BEGIN Data listing

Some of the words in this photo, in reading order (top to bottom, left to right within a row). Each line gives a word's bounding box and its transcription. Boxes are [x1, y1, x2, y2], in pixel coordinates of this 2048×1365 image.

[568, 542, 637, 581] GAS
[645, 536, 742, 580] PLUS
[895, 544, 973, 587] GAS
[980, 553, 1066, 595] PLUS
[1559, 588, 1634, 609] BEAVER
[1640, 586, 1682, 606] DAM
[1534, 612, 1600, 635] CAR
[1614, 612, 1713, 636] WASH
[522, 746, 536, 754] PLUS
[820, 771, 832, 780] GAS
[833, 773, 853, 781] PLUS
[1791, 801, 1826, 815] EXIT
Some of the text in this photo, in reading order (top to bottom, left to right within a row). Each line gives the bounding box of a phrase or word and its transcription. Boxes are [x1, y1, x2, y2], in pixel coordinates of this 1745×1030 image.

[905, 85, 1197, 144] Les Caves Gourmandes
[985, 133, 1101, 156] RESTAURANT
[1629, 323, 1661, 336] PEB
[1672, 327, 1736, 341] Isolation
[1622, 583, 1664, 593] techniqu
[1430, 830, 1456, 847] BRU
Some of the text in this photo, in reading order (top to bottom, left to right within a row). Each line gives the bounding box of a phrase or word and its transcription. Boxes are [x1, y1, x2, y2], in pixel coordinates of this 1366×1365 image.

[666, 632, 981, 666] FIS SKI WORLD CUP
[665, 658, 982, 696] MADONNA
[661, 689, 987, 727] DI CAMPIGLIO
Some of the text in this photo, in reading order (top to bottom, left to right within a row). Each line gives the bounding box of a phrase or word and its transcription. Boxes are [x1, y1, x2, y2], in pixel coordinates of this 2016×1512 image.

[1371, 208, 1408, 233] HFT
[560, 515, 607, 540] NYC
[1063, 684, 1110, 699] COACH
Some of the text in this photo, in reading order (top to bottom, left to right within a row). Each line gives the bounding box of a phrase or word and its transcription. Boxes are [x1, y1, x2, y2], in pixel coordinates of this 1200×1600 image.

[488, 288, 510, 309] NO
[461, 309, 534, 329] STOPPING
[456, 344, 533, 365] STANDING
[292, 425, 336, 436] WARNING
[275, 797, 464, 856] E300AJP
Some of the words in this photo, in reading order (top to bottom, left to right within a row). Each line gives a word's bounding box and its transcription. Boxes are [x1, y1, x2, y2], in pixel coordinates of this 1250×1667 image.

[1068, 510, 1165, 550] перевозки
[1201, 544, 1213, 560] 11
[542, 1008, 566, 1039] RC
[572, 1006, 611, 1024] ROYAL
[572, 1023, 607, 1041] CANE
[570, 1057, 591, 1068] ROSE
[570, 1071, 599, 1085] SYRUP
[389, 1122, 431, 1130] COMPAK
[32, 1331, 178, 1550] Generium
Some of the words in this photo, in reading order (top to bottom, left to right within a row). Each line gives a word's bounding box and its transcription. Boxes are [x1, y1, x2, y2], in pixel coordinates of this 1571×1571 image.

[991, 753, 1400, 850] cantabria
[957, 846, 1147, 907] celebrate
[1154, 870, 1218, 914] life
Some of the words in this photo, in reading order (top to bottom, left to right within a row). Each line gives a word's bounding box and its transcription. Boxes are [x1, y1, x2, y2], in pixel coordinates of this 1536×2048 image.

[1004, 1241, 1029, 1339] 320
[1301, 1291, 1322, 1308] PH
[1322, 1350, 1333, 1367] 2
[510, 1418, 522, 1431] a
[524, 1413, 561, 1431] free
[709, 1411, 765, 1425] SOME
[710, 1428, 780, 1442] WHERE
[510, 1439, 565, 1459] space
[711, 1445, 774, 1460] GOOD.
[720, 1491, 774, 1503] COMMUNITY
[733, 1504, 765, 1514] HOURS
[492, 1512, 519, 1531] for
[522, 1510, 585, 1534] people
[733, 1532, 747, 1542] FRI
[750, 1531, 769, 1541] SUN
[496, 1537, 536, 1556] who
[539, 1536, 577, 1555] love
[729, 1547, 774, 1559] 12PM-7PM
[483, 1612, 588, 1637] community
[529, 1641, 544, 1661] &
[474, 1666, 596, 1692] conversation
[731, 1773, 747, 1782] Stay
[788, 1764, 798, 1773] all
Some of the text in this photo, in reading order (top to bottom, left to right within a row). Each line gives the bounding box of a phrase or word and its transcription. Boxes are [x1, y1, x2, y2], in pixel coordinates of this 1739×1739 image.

END Data listing

Exercise brief: Reproduce every record, matching each line exactly.

Worked solution:
Some of the words in this photo, in reading order (top to bottom, left to right within a row). Each line gives a word's bounding box and its transcription. Boxes are [x1, y1, x2, y2], in pixel coordinates of this 2048×1365 image.

[568, 542, 637, 581] GAS
[645, 536, 742, 580] PLUS
[895, 544, 973, 587] GAS
[980, 553, 1066, 595] PLUS
[1559, 588, 1634, 609] BEAVER
[1640, 586, 1682, 606] DAM
[1534, 612, 1600, 635] CAR
[1614, 612, 1713, 636] WASH
[522, 746, 536, 754] PLUS
[820, 771, 832, 780] GAS
[833, 773, 853, 781] PLUS
[1791, 801, 1826, 815] EXIT
Some of the text in this photo, in reading order (top to bottom, left to right within a row). Each line gives the bounding box of a phrase or word and its transcription. Boxes are [x1, y1, x2, y2], in pixel coordinates of this 1745×1030 image.

[905, 85, 1197, 144] Les Caves Gourmandes
[985, 133, 1101, 156] RESTAURANT
[1629, 323, 1661, 336] PEB
[1672, 327, 1736, 341] Isolation
[1622, 583, 1664, 593] techniqu
[1430, 830, 1456, 847] BRU
Some of the text in this photo, in reading order (top to bottom, left to right within a row). Each line gives the bounding box of a phrase or word and its transcription. Boxes are [x1, y1, x2, y2], in pixel coordinates of this 1366×1365 image.

[666, 632, 981, 666] FIS SKI WORLD CUP
[665, 658, 982, 696] MADONNA
[661, 689, 987, 727] DI CAMPIGLIO
Some of the text in this photo, in reading order (top to bottom, left to right within a row). Each line gives the bounding box of a phrase or word and its transcription. Boxes are [x1, y1, x2, y2], in pixel coordinates of this 2016×1512 image.

[1371, 208, 1408, 233] HFT
[560, 515, 607, 540] NYC
[1063, 684, 1110, 699] COACH
Some of the text in this photo, in reading order (top to bottom, left to right within a row). Each line gives the bounding box of a phrase or word and its transcription. Boxes are [x1, y1, x2, y2], in pixel coordinates of this 1200×1600 image.

[488, 288, 510, 309] NO
[461, 309, 534, 329] STOPPING
[456, 344, 533, 365] STANDING
[292, 425, 336, 436] WARNING
[275, 797, 464, 856] E300AJP
Some of the words in this photo, in reading order (top to bottom, left to right within a row). Each line gives a word's bounding box and its transcription. Boxes are [x1, y1, x2, y2], in pixel coordinates of this 1250×1667 image.

[1068, 510, 1165, 550] перевозки
[1201, 544, 1213, 560] 11
[542, 1008, 566, 1039] RC
[572, 1006, 611, 1024] ROYAL
[572, 1023, 607, 1041] CANE
[570, 1057, 591, 1068] ROSE
[570, 1071, 599, 1085] SYRUP
[389, 1122, 431, 1130] COMPAK
[32, 1331, 178, 1550] Generium
Some of the words in this photo, in reading order (top to bottom, left to right within a row). Each line gives a word's bounding box and its transcription. Boxes are [x1, y1, x2, y2], in pixel coordinates of this 1571×1571 image.

[991, 753, 1400, 850] cantabria
[957, 846, 1147, 907] celebrate
[1154, 870, 1218, 914] life
Some of the words in this photo, in reading order (top to bottom, left to right within a row). Each line gives a word's bounding box and its transcription. Boxes are [x1, y1, x2, y2], in pixel coordinates of this 1536×2048 image.

[1004, 1241, 1029, 1339] 320
[1301, 1291, 1322, 1308] PH
[1322, 1350, 1333, 1367] 2
[510, 1418, 522, 1431] a
[524, 1413, 561, 1431] free
[709, 1411, 765, 1425] SOME
[710, 1428, 780, 1442] WHERE
[510, 1439, 565, 1459] space
[711, 1445, 774, 1460] GOOD.
[720, 1491, 774, 1503] COMMUNITY
[733, 1504, 765, 1514] HOURS
[492, 1512, 519, 1531] for
[522, 1510, 585, 1534] people
[733, 1532, 747, 1542] FRI
[750, 1531, 769, 1541] SUN
[496, 1537, 536, 1556] who
[539, 1536, 577, 1555] love
[729, 1547, 774, 1559] 12PM-7PM
[483, 1612, 588, 1637] community
[529, 1641, 544, 1661] &
[474, 1666, 596, 1692] conversation
[731, 1773, 747, 1782] Stay
[788, 1764, 798, 1773] all
Some of the text in this photo, in reading order (top to bottom, left to right within a row). Each line gives the bounding box of a phrase or word and its transcription. Boxes are [x1, y1, x2, y2], in pixel coordinates of this 1739×1739 image.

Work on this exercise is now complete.